Saved entries>
-.-.-

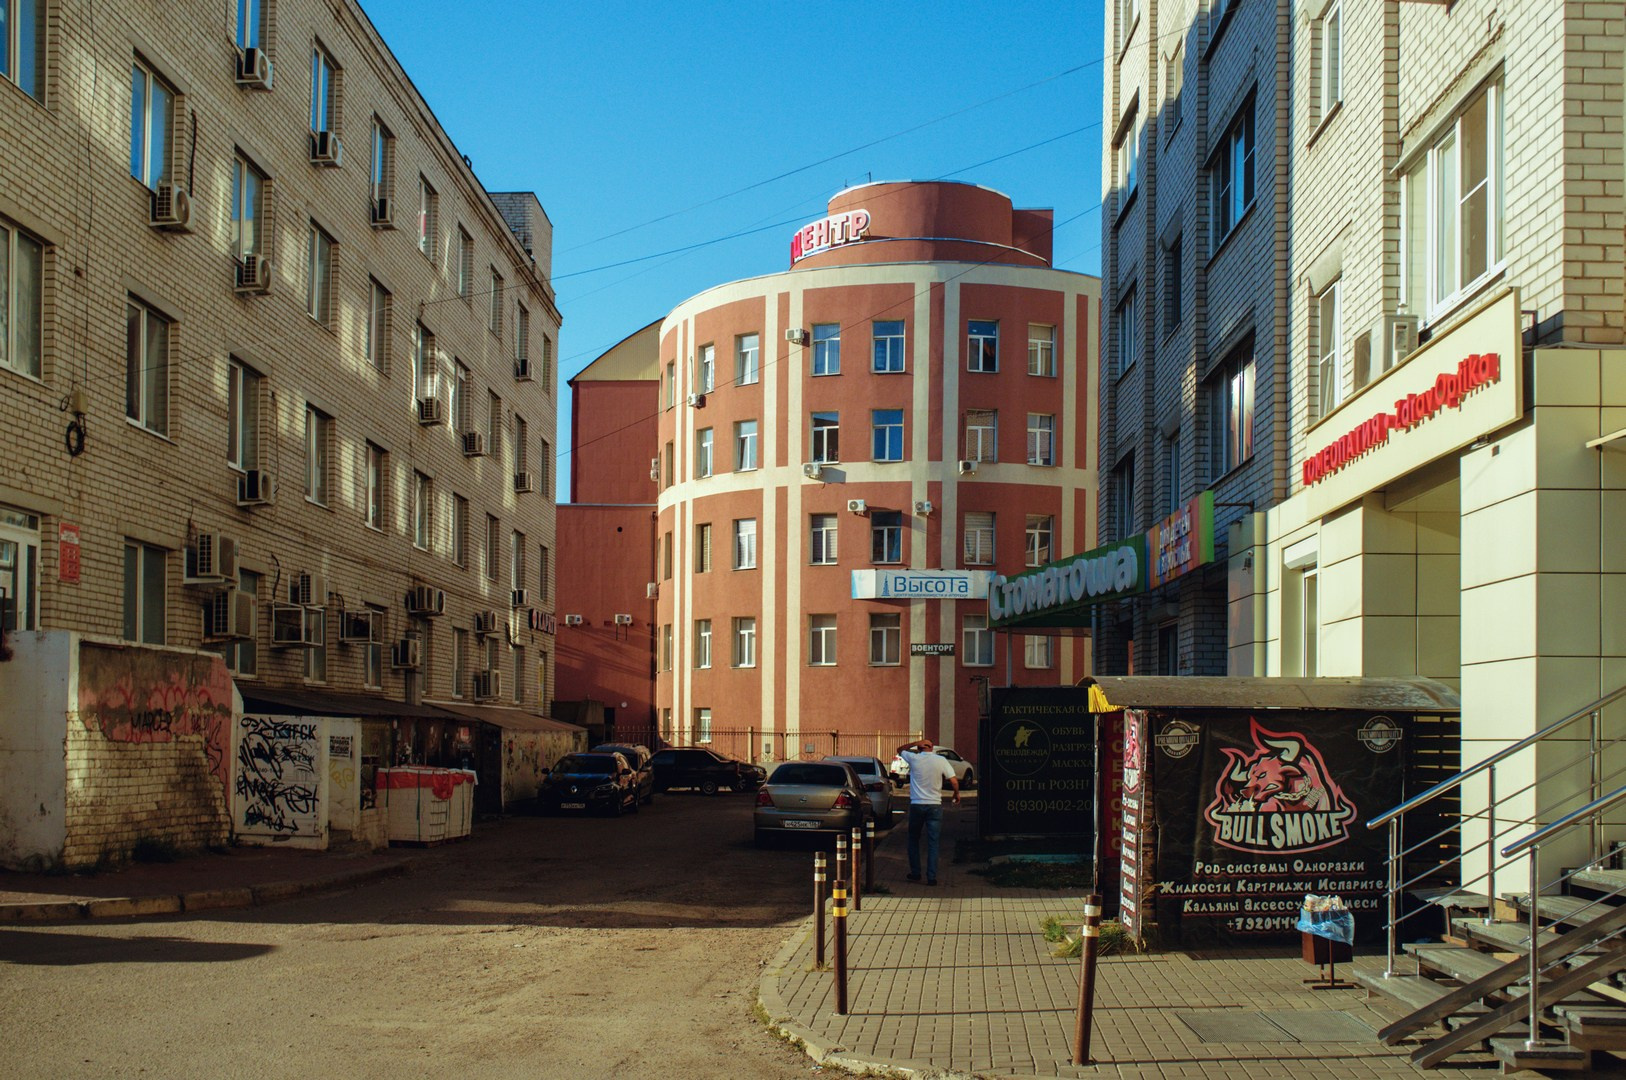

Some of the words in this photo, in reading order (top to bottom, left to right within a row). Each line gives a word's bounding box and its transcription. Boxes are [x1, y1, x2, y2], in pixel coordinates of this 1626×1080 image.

[1303, 413, 1387, 485] ГОМЕОПАТИЯ
[990, 546, 1137, 621] Стоматоша
[911, 644, 954, 652] ВОЕНТОРГ
[1002, 705, 1075, 714] ТАКТИЧЕСКАЯ
[1052, 726, 1085, 736] ОБУВЬ
[996, 749, 1048, 757] СПЕЦОДЕЖДА
[1006, 779, 1035, 790] ОПТ
[1221, 814, 1268, 846] BULL
[1270, 812, 1342, 849] SMOKE
[1293, 859, 1365, 873] Одноразки
[1159, 880, 1231, 895] Жидкости
[1236, 879, 1312, 893] Картриджи
[1183, 899, 1239, 913] Кальяны

-.-.-

TO DO> Please set down every line of the data above precisely, dropping the images.

ANSWER TO THE PROBLEM>
Some of the words in this photo, in reading order (top to bottom, left to right within a row). Each line gives a word's bounding box and its transcription. Boxes are [x1, y1, x2, y2], in pixel coordinates of this 1626×1080 image.

[1303, 413, 1387, 485] ГОМЕОПАТИЯ
[990, 546, 1137, 621] Стоматоша
[911, 644, 954, 652] ВОЕНТОРГ
[1002, 705, 1075, 714] ТАКТИЧЕСКАЯ
[1052, 726, 1085, 736] ОБУВЬ
[996, 749, 1048, 757] СПЕЦОДЕЖДА
[1006, 779, 1035, 790] ОПТ
[1221, 814, 1268, 846] BULL
[1270, 812, 1342, 849] SMOKE
[1293, 859, 1365, 873] Одноразки
[1159, 880, 1231, 895] Жидкости
[1236, 879, 1312, 893] Картриджи
[1183, 899, 1239, 913] Кальяны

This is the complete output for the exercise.